Australian rugby is broken. It has no broadcast deal in place for next year and no fan base to support the game. Why would New Zealand, with all that it has going for it, try to drag the carcass of their old foe into Super Rugby next year and hope that miraculously everyone suddenly loves the idea of the Rebels playing the Highlanders on a wet night in Invercargill?
That would be dumb. It would be disastrous and NZR is right to be looking at its lunch plate and telling the Australians it’s no longer willing to share. Not with Australia bringing its meagre rations to the table and then pigging out on what it finds on New Zealand’s plate.
The Australians can be part of Super Rugby Aotearoa, but under New Zealand’s terms, conditions and governance. If their teams can meet the criteria, they can be included.
That makes sense and is the only feasible path the competition can follow in its pursuit of sustainability in this part of the world.
Australia can’t turn up with five mediocre teams, a small pile of cash and expect to help themselves to the superior broadcast deal New Zealand has secured.
No longer can they take a fourpack of Double Brown to the party, stick it in the fridge and glug down gallons of New Zealand’s craft beer.
It wouldn’t be fair to say that Australia has pulled a con job on New Zealand for the past decade but they have recognised that their little brother across the Tasman has an inferiority complex and exploited that.
Little old New Zealand has sent the All Blacks around the world beating everyone up and commanding enormous audiences, broadcast dollars and sponsor interest, and then thought it was the junior partner in the Super Rugby alliance.
No one should be mad at the Aussies, as all they did was see an opportunity and go for it.
New Zealand Rugby should have been stronger — spent fewer man hours convincing themselves they were the little man of the Pacific who needed to be holding someone’s hand to feel safe.
In the past decade, it has bowed to almost every demand made by South Africa and Australia — both of whom have been granted licences to enter more teams, and in the case of the latter, negotiate a bigger slice of the financial pie in the process.
The more those two got, the less they gave and the stronger New Zealand has become.
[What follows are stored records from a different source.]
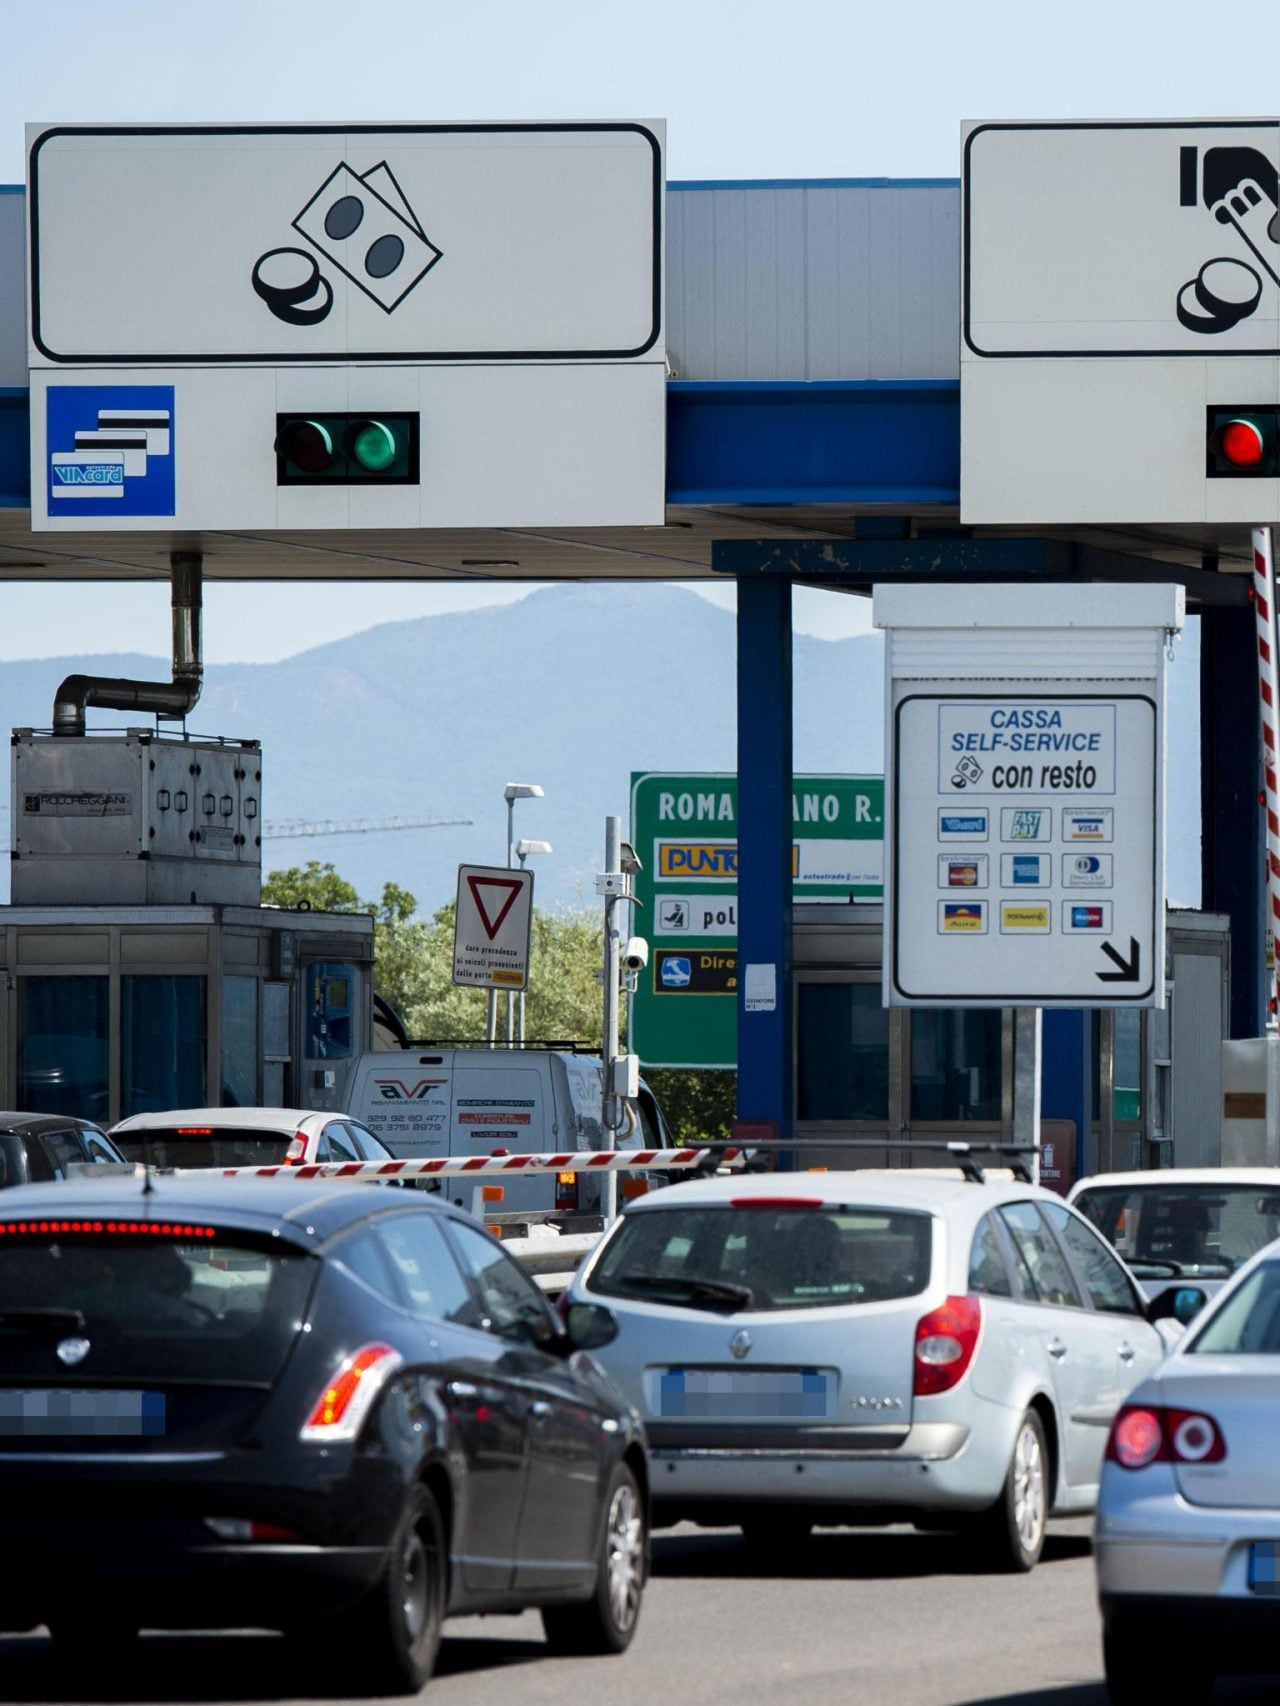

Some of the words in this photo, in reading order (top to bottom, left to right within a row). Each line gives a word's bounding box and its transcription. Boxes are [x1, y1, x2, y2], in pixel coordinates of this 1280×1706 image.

[54, 465, 123, 484] VIAcard
[990, 710, 1062, 728] CASSA
[951, 733, 1101, 751] SELF-SERVICE
[992, 764, 1033, 789] con
[1040, 760, 1097, 789] resto
[659, 792, 735, 821] ROMA
[855, 794, 882, 822] R.
[1014, 811, 1041, 825] FAST
[1077, 824, 1100, 833] VISA
[703, 909, 736, 929] pol
[465, 944, 480, 953] dare
[465, 958, 486, 966] veicoli
[488, 960, 524, 970] provenienti
[391, 1114, 405, 1122] 92
[426, 1114, 447, 1122] 477
[369, 1123, 384, 1131] 06
[387, 1123, 409, 1131] 3751
[412, 1123, 442, 1131] 8979
New Zealand sides have won the last five titles, and seven of the last 10 and 17 of the 25 since the business began.
And this deference is all because New Zealand has laboured under the misapprehension that Australia is bringing more to the table — a bigger population and giant economic clout.
But it’s not. That’s a myth, at least as it applies to rugby. Australia does have a powerhouse economy but rugby is not tapping into it.
Rugby is a niche sport in Australia and there might be 25 million people over there, but how many of them are watching rugby every week?
How many of them even care or know what it is and the reason they are having such a torrid time securing a new broadcast deal is exactly because of that — the sport doesn’t rate. It’s right up there with lacrosse and underwater hockey.
The truth is the Australians have lived off New Zealand’s stability and excellence for way too long.
They have been getting more than they have been giving, and even more perversely, they have been able to wield a power that far outweighs their real standing or contribution.
Back when Super Rugby launched, the set-up and distribution of finances better reflected the relative strengths of the three participating nations.
Somehow that got twisted over time and the Australians were able to hoodwink New Zealand and South Africa into paying for them to have the provincial competition they had always craved but couldn’t build on their own.
The final insult in all this was not the debacle of the co-hosting rights around the 2003 World Cup. It was Australia’s brazen vote for Japan and not New Zealand to host the 2011 World Cup.
New Zealand signed off on the Western Force entering Super Rugby in 2006, and a few weeks later, the Australians threw their weight behind Japan’s bid.
The Australians have said they won’t entertain this master-servant relationship but they won’t get a better offer.